▶ [Dataset excerpts]:
Content starts

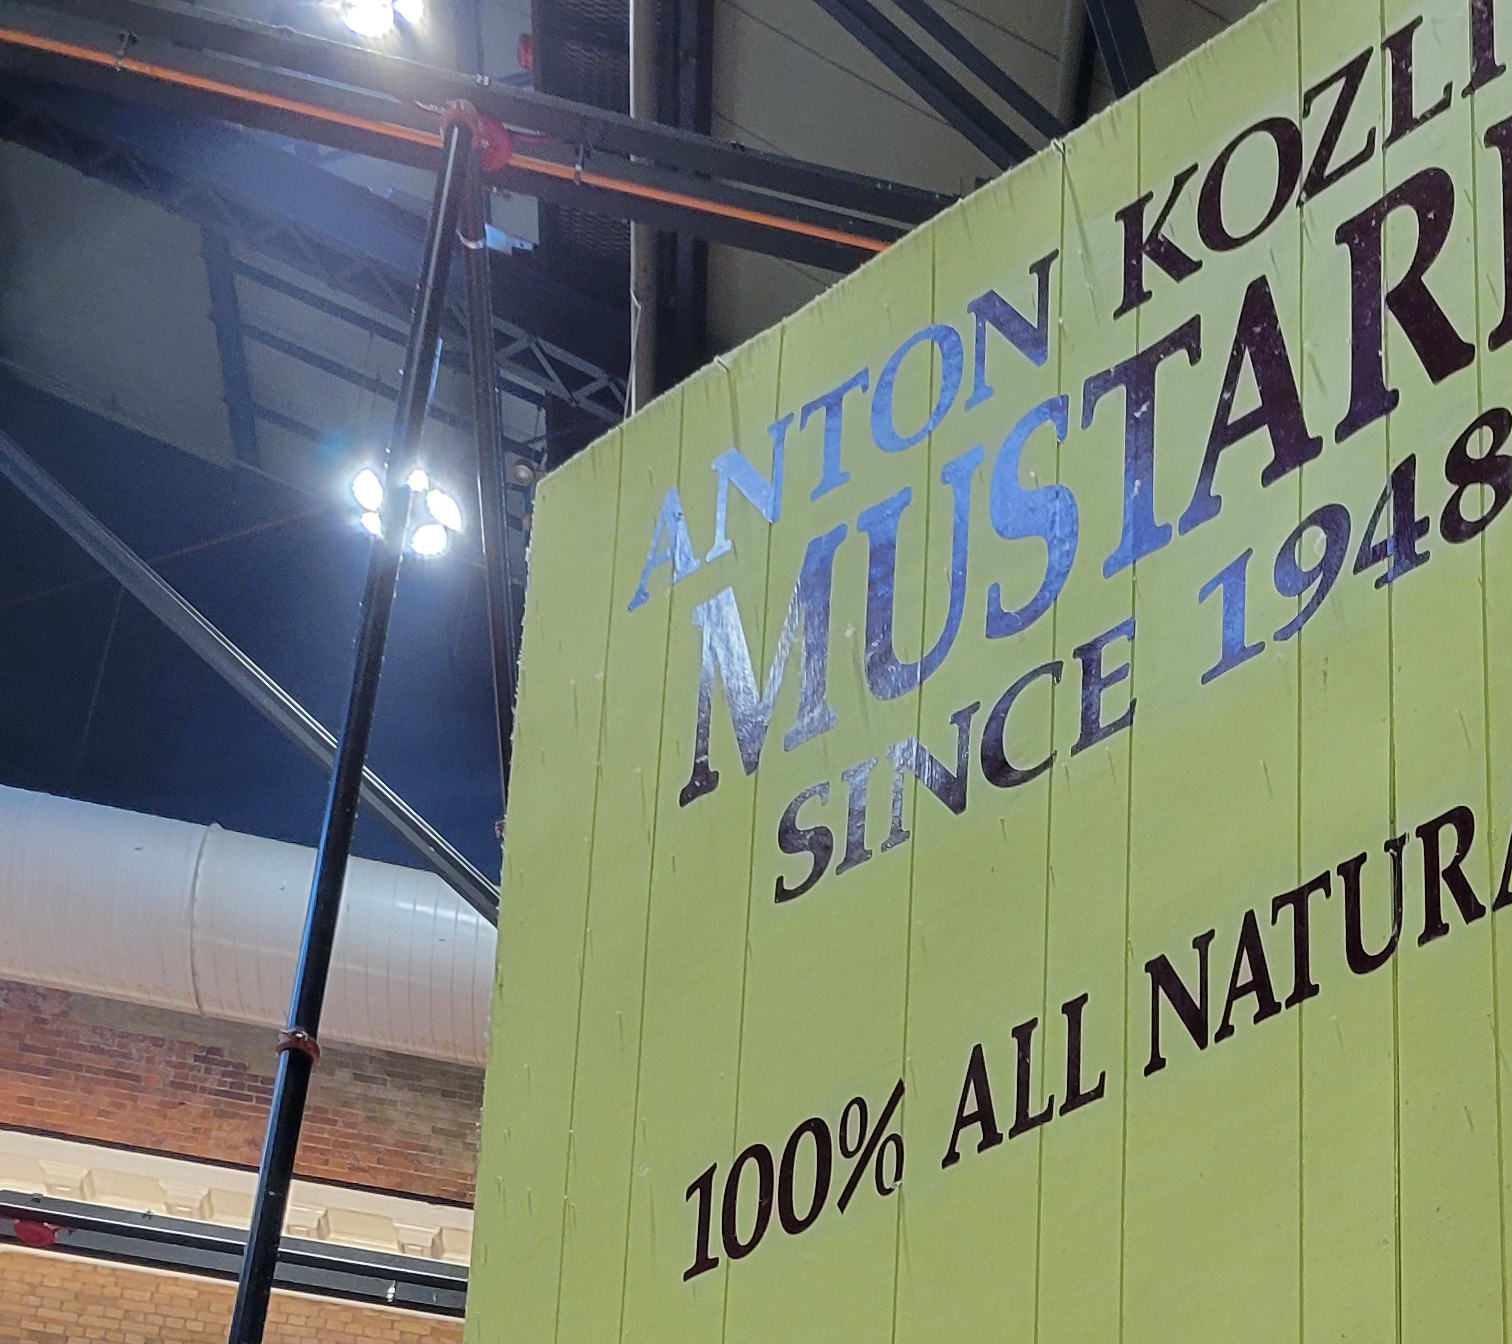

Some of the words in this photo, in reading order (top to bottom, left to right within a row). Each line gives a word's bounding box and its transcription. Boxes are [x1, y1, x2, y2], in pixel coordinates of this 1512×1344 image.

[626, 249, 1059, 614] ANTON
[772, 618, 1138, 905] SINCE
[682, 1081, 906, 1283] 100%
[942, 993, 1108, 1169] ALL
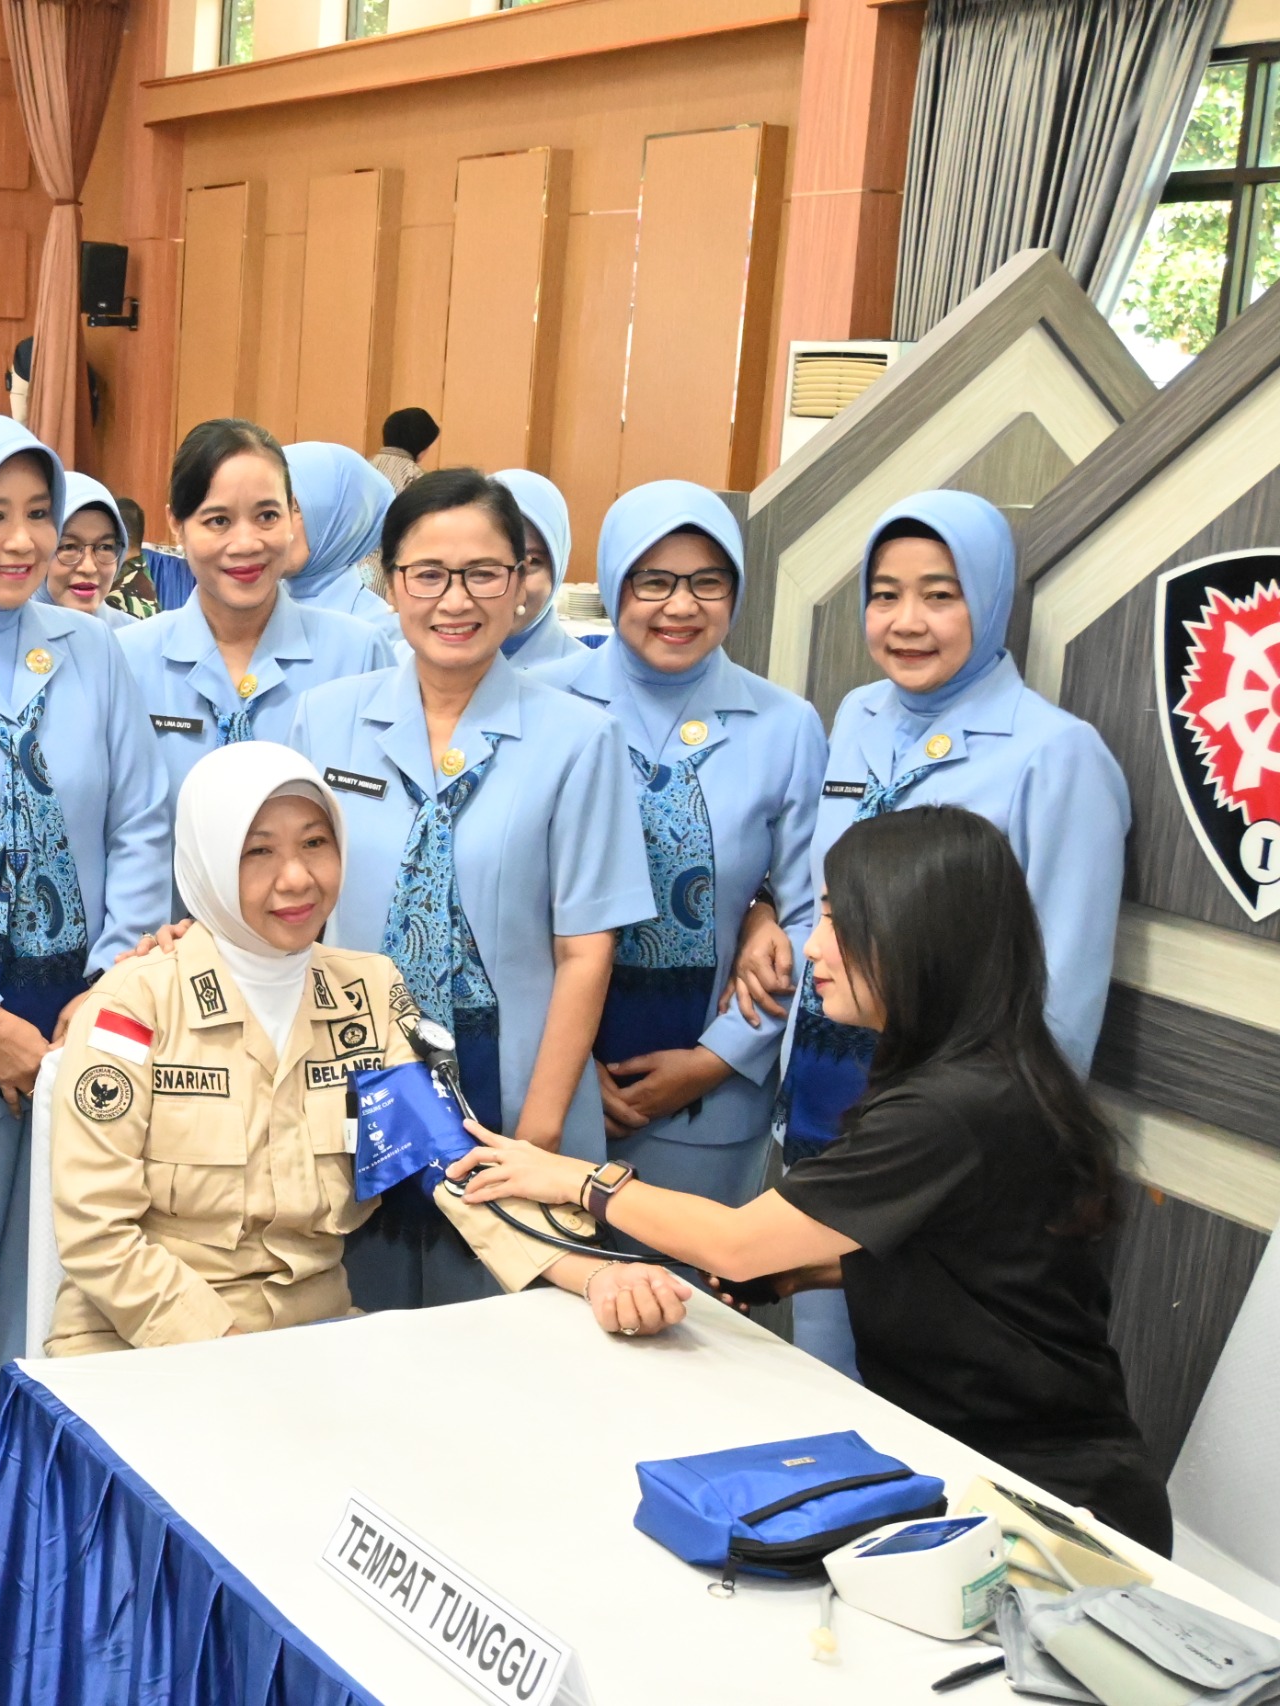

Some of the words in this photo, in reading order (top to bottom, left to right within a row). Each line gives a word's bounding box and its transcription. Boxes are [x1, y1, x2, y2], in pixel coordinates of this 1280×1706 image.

Content ends

Would you return the entries verbatim, minus any images?

▶ [Solution]:
Some of the words in this photo, in reading order (top to bottom, left to right within a row). Each line gives a word's bounding box and its transcription. Boxes are [x1, y1, x2, y2], in pixel coordinates of this 1512×1344 image.

[626, 249, 1059, 614] ANTON
[772, 618, 1138, 905] SINCE
[682, 1081, 906, 1283] 100%
[942, 993, 1108, 1169] ALL

Some of the words in this photo, in reading order (top to bottom, left to right within a row). Each line gives a word's bounding box and its transcription. Boxes are [x1, y1, x2, y2], in pixel coordinates of this 1280×1706 image.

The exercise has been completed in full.